Stored data entries:
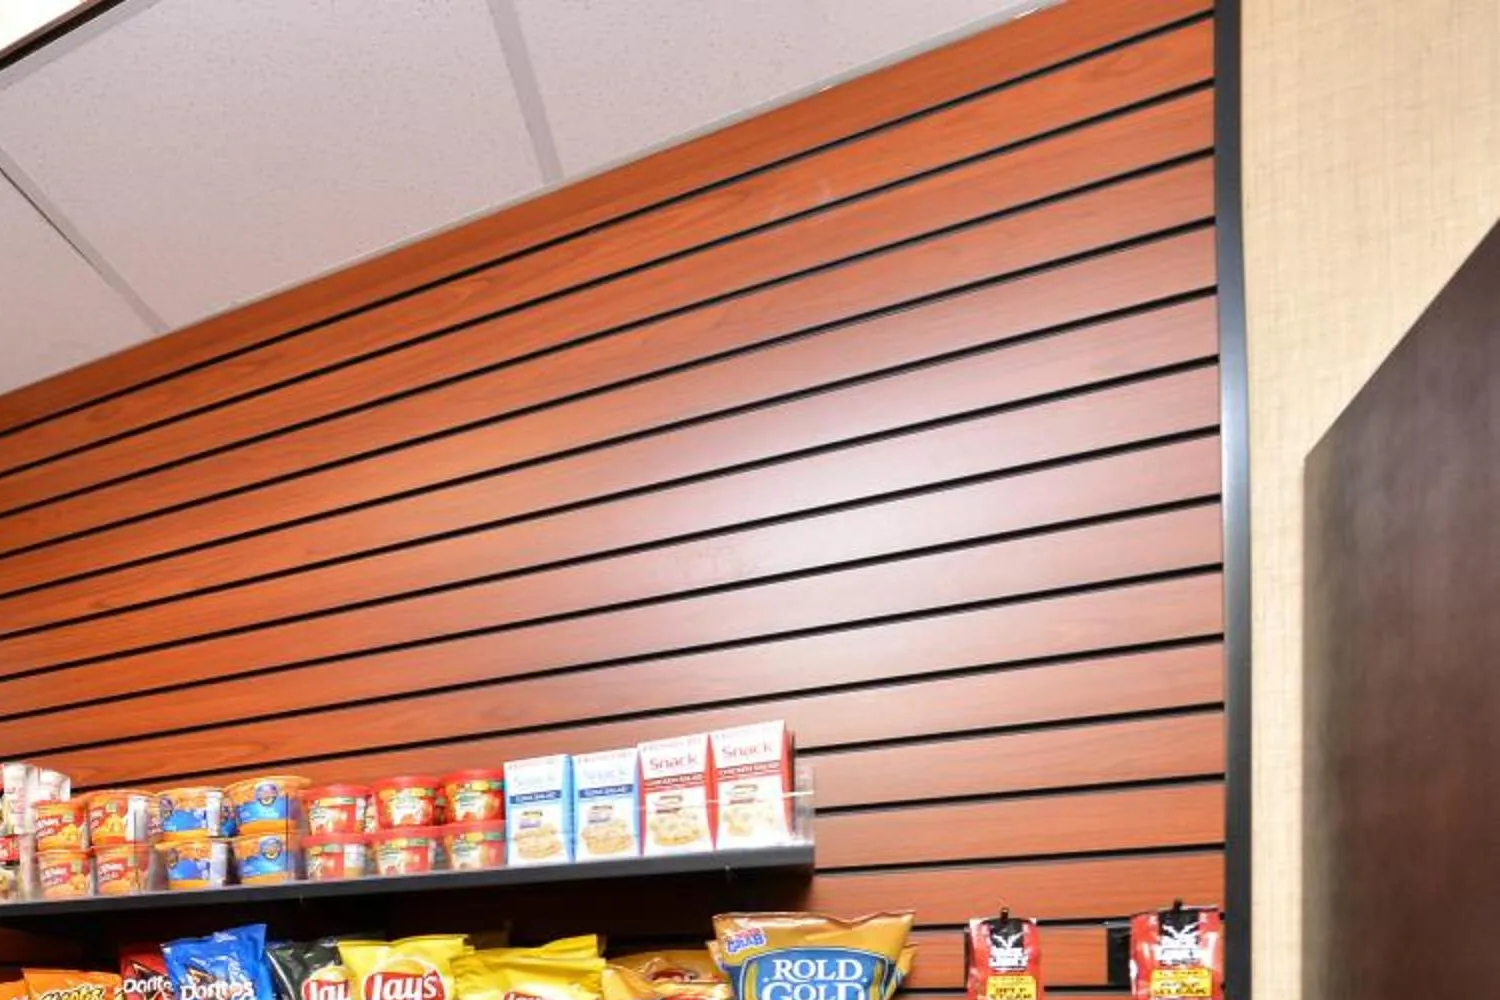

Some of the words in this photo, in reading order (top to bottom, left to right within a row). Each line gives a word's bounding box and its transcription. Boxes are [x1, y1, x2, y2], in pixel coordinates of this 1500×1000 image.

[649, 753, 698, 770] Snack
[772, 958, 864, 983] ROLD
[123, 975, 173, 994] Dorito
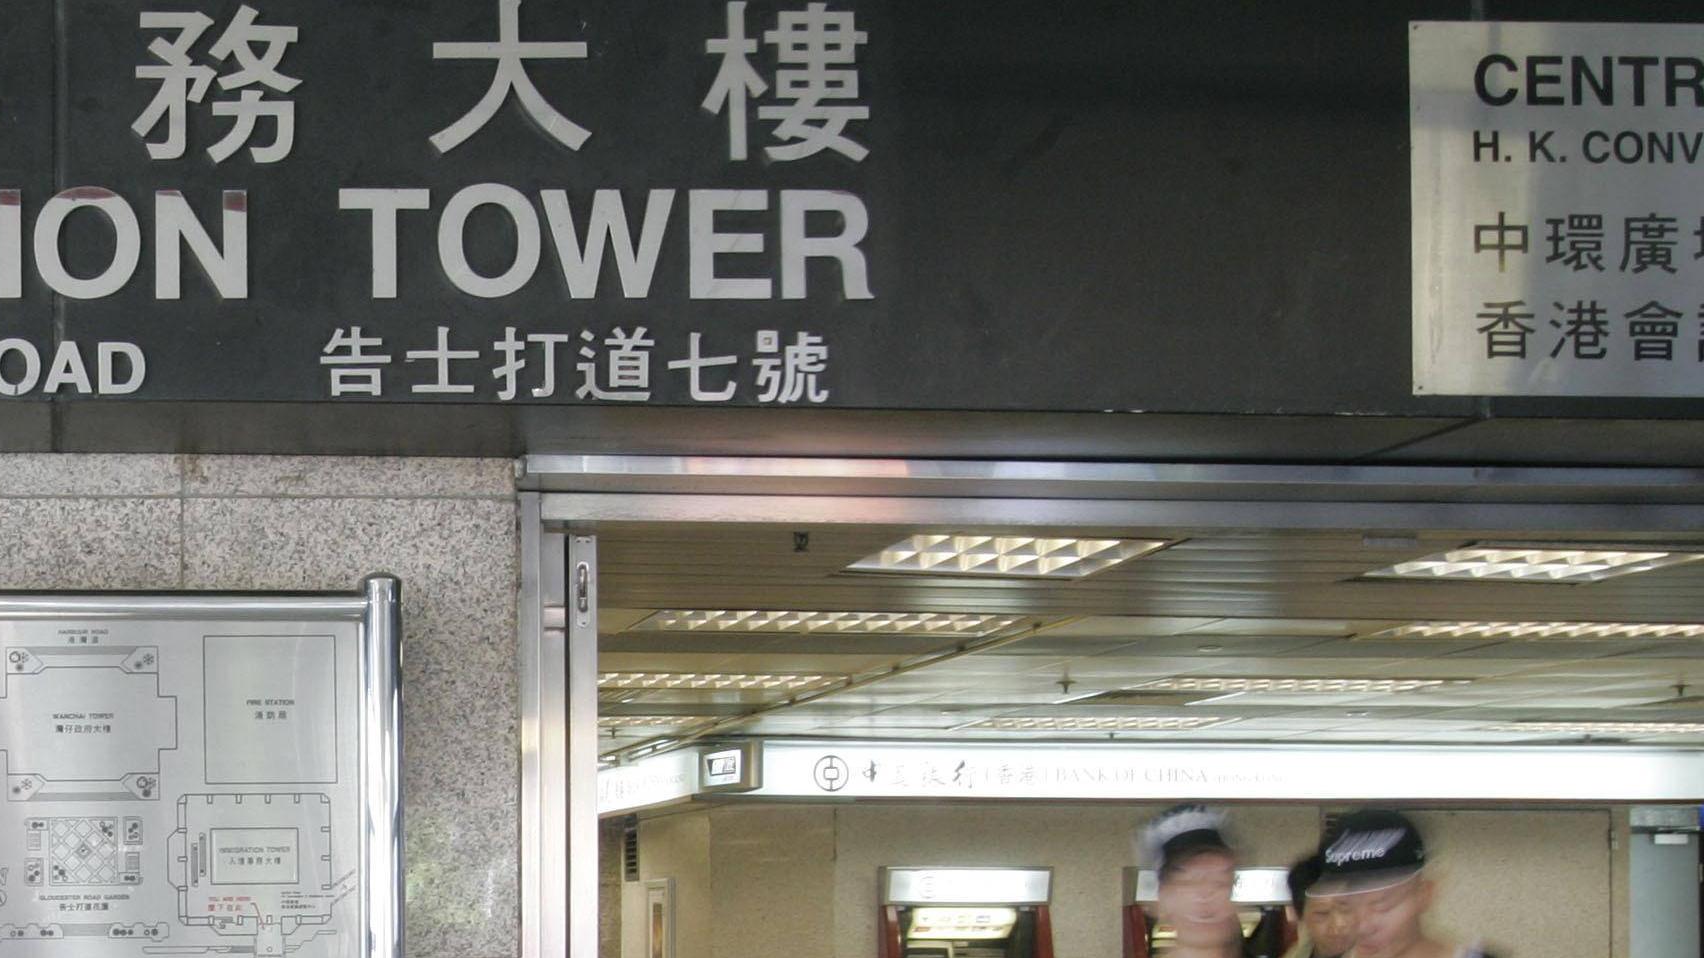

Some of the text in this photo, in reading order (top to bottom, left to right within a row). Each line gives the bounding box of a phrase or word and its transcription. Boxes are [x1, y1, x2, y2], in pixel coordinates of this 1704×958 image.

● **ASSIGNMENT**:
All entries need to be duplicated exactly, apart from the images.

● **ANSWER SECTION**:
Some of the words in this photo, in reading order (top to bottom, left to right within a row). Each line gives a word's bounding box and its transcription. Boxes are [x1, y1, x2, y2], in pixel coordinates of this 1500×1000 image.

[649, 753, 698, 770] Snack
[772, 958, 864, 983] ROLD
[123, 975, 173, 994] Dorito

Some of the text in this photo, in reading order (top to bottom, left to right within a row). Each line gives the bounding box of a phrase or word and its transcription. Boxes are [x1, y1, x2, y2], in pixel coordinates of this 1704×958 image.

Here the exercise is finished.